Shigella flexneri invades eucaryotic cells and grows in the cytoplasm. Lysis of the phagosomal membrane is a prerequisite for both intracellular multiplication and movement of the bacteria that gain direct access to the host cell actin. In HeLa cells, bacteria generate their own movement essentially by inducing actin polymerization. Polymerization of actin enables them to move rapidly and randomly in the cytoplasm and to spread from one cell to another through protrusions of the host cell membrane. This movement was designated the Ics phenotype. In contrast, in chicken embryo fibroblasts, bacteria move along actin filaments in a very organized manner, following the cytoskeletal architecture; this movement was designated the Olm phenotype. Bacterial movement is a major virulence factor in that it is necessary for efficient colonization of the intestinal epithelium of infected macaque monkeys. Further characterization of the cellular events that lead to colonization of the colonic intestinal epithelium was needed.
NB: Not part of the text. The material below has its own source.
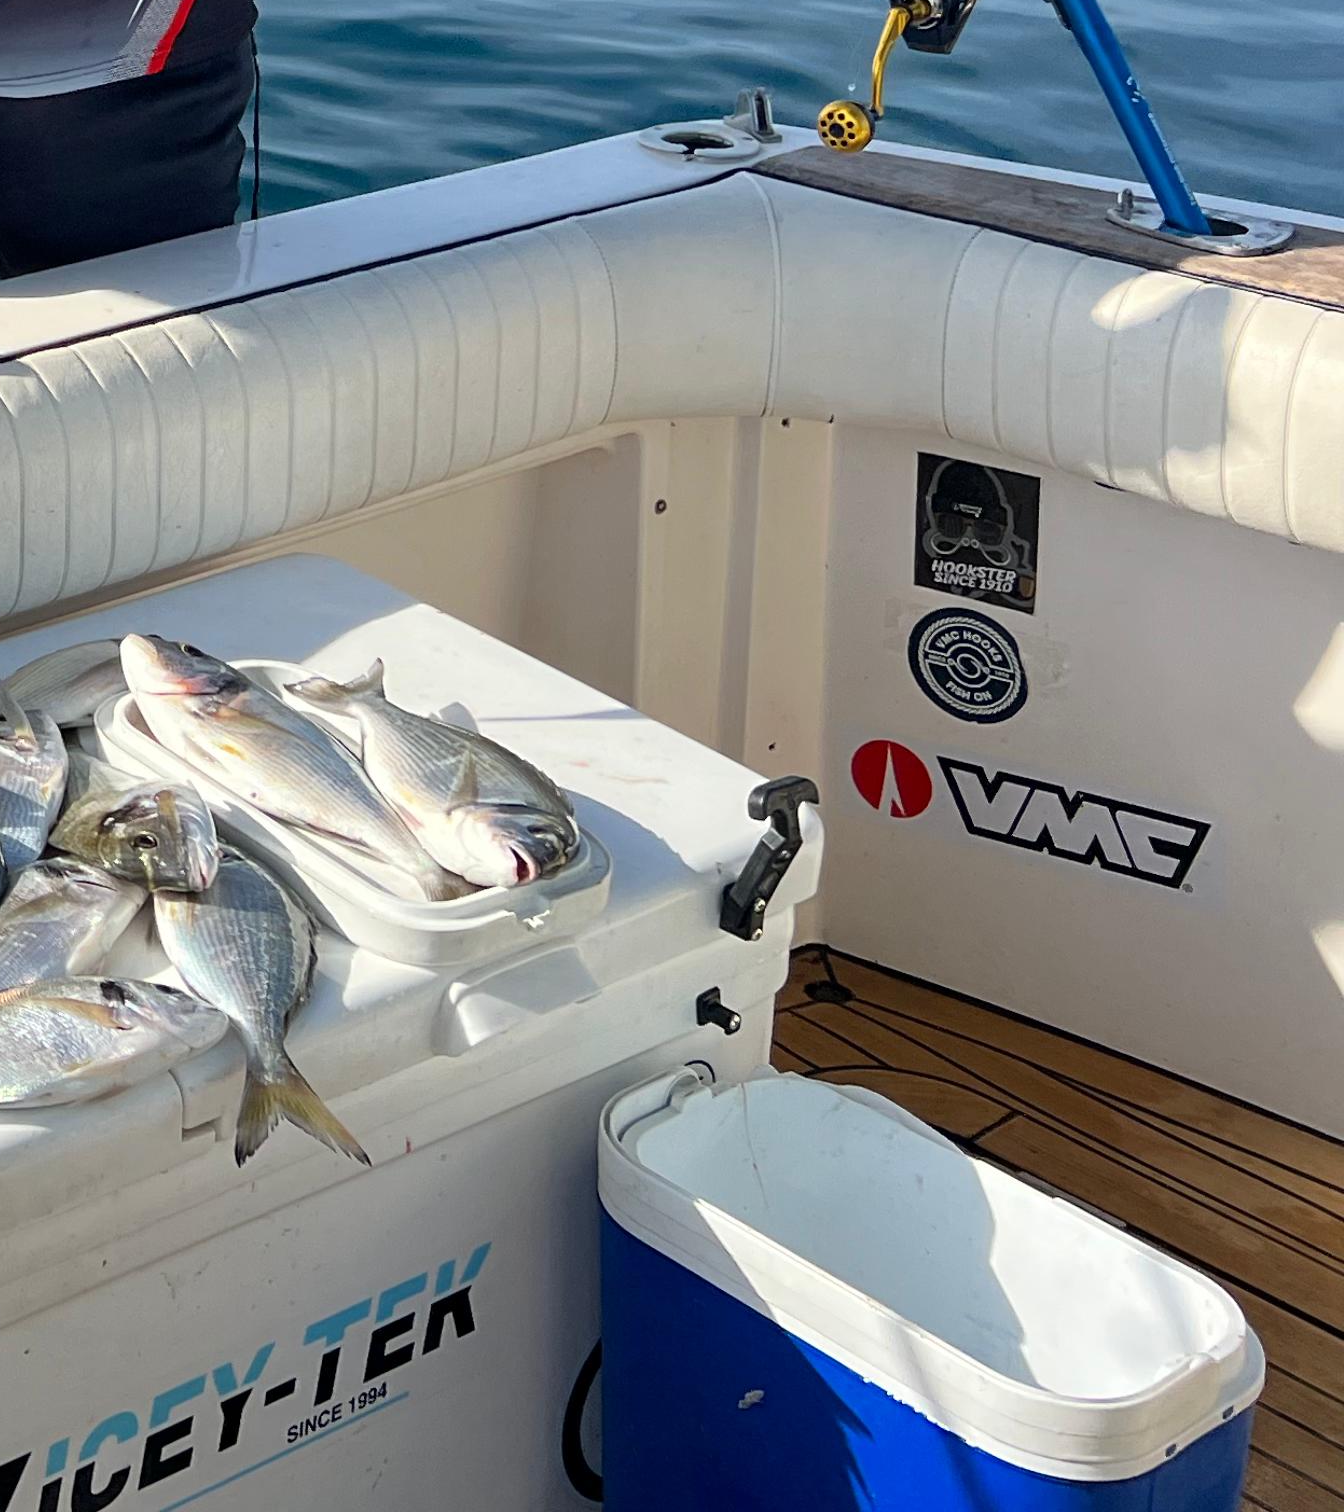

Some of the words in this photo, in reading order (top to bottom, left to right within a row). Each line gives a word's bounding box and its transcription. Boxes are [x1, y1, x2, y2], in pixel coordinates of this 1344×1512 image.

In order to characterize the movement in vitro in a cell assay system more closely related to the intestinal epithelium, we used human colonic epithelial Caco-2 cells. The movement of bacteria as observed by using immunofluorescence and confocal microscopy appeared to result from the expression of both the Olm and Ics phenotypes. The former allowed colonization of cells along the actin filament ring of the perijunctional area. The latter promoted passage from one cell to adjacent cells. This in vitro pattern of movement and multiplication gives S. flexneri, once it has entered an epithelial cell, the unique capacity to spread through the entire epithelial layer without having further contact with the extracellular compartment.